When two modality scores are combined using weighted sum rule, the performance improves significantly, which is better than applying sum rule without weights. Through exhaustive experiments, when the weights of 0.45 for face, 0.6 for ear, and 0.4 for iris are assigned for the respective modalities before fusion, the accuracy rates improve greatly from 96.7% to 99.2%, which is a very good performance rate. Similarly, in the case of fusion among face, iris and palm vein, the appropriate weights are assigned such that 0.3 for iris, 0.4 for face and 0.4 for palm vein, the performance rates improved from 95.9% to 98.5%. Therefore, assigning appropriate weight to the modalities hikes the level of contribution in improving the recognition rate compared to other fusion methods.

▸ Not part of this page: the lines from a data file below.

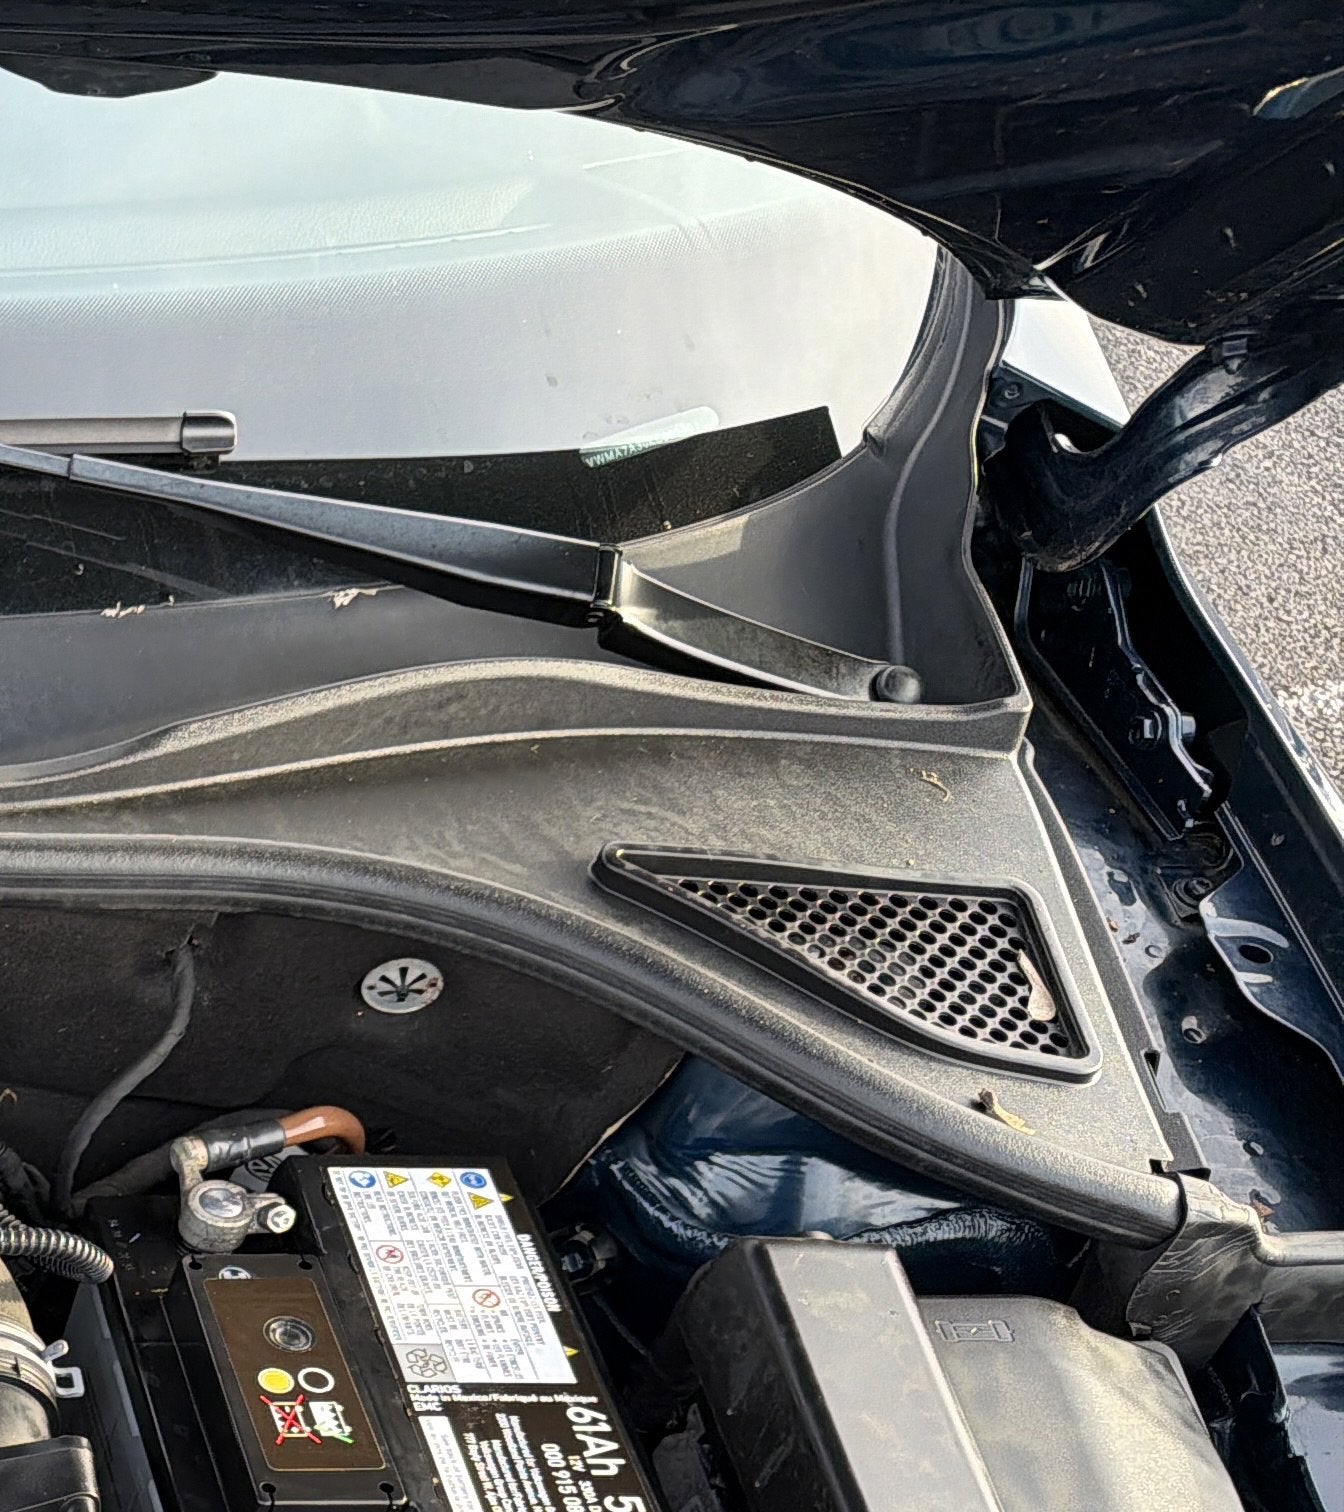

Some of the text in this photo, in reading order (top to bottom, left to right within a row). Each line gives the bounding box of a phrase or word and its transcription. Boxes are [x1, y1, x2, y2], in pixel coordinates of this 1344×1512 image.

[518, 1233, 561, 1313] DANGER/POISON
[406, 1384, 461, 1394] CLARIOS
[538, 1443, 567, 1467] 000
[565, 1405, 626, 1477] 61Ah
[549, 1470, 579, 1494] 915
[566, 1455, 586, 1471] 12V
[576, 1480, 600, 1503] 330A

At decision level, the decisions obtained from individual classifier are fused to obtain a final decision. Every decision module obtains a decision of genuine or imposter user using a rule, namely logical AND, logical OR, majority voting, Bayesian fusion, etc. From these, logical ‘AND’ and ‘OR’ rules have been applied for fusing the decisions and to obtain a final decision. Table 4.11 shows that the fusion of different modalities at decision level has improved the performance rate in comparison to unimodal performance, equivalent to score level fusion and greater than feature level fusion when applying a logical rule. It is observed that there is a much deviation in the performances when logical OR and logical AND were applied for fusing the decision results of different modality. However, depending on the uniqueness of biometric trait, either high or low level unique characteristic traits are selected for fusion, the choice of decision rule has its impact on the performance rate.

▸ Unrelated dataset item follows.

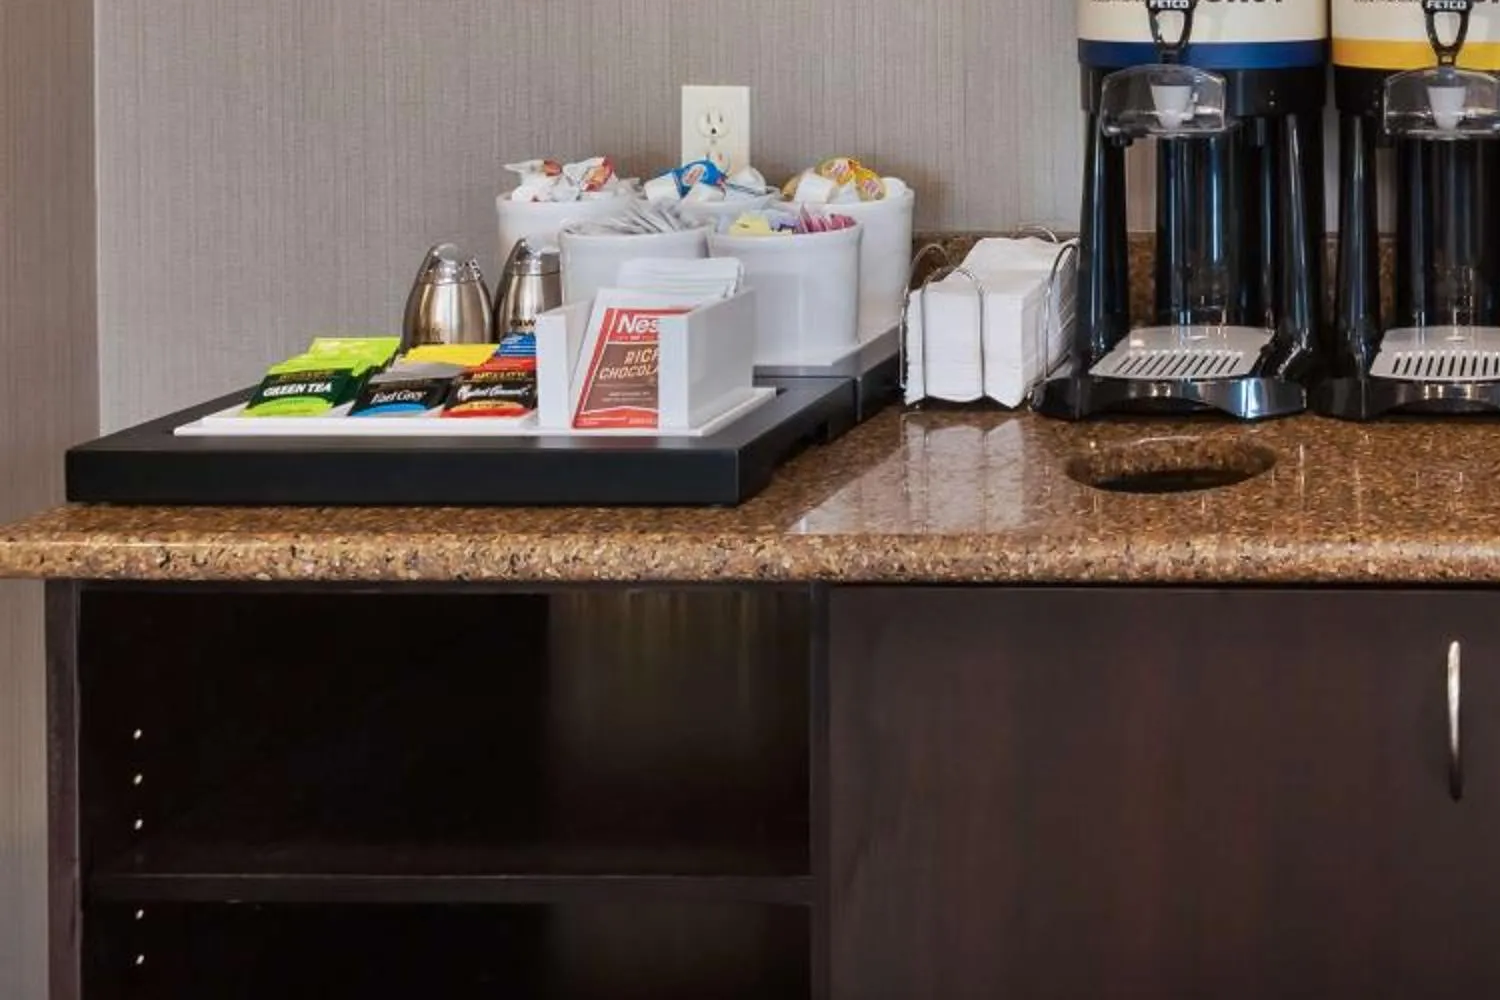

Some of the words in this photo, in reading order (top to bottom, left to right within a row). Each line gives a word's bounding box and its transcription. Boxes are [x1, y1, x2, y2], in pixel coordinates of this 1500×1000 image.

[1149, 0, 1190, 9] FETCO
[1427, 0, 1467, 10] FETCO
[262, 383, 306, 397] GREEN
[306, 382, 332, 393] TEA

Comparing the Tables 4.8, 4.9, 4.10 and 4.11, it is observed that there is definitely an improvement in the performance of multimodal biometric systems than recognition through unimodal biometrics (single modality). It also shows that the score level fusion gives much better results than the other fusion schemes. The impact of fusion in score level and decision level is clearly observed.The performance is better in bimodal (two modalities) than in unimodal, but there is not much difference in the improvement rate between bimodal and trimodal fusion when evaluated at 0.1% FAR. This reveals that trimodal system have improved on a average of 2% GAR at feature level and decision level fusion, and 3% increase in GAR obtained at score level fusion than bimodal biometrics system with SSNDS dataset. When the performances obtained for SSNDS is compared to the results obtained for a database built from two public datasets of iris and ear, score level fusion have resulted in almost similar accuracy rates of 96%, since the individual scores from each trait sample will be fused and the fused total score is utilized for matching. But the feature level fusion of virtually grouped public unimodal datasets has obtained an average difference of 8% in the accuracy rate obtained for SSNDS dataset. Perhaps, there is significant improvement between trimodal and tetramodal biometric system. This shows that as the utilization of biometric traits is increased in number will not quantify the accuracy rates, instead increases the computational complexity.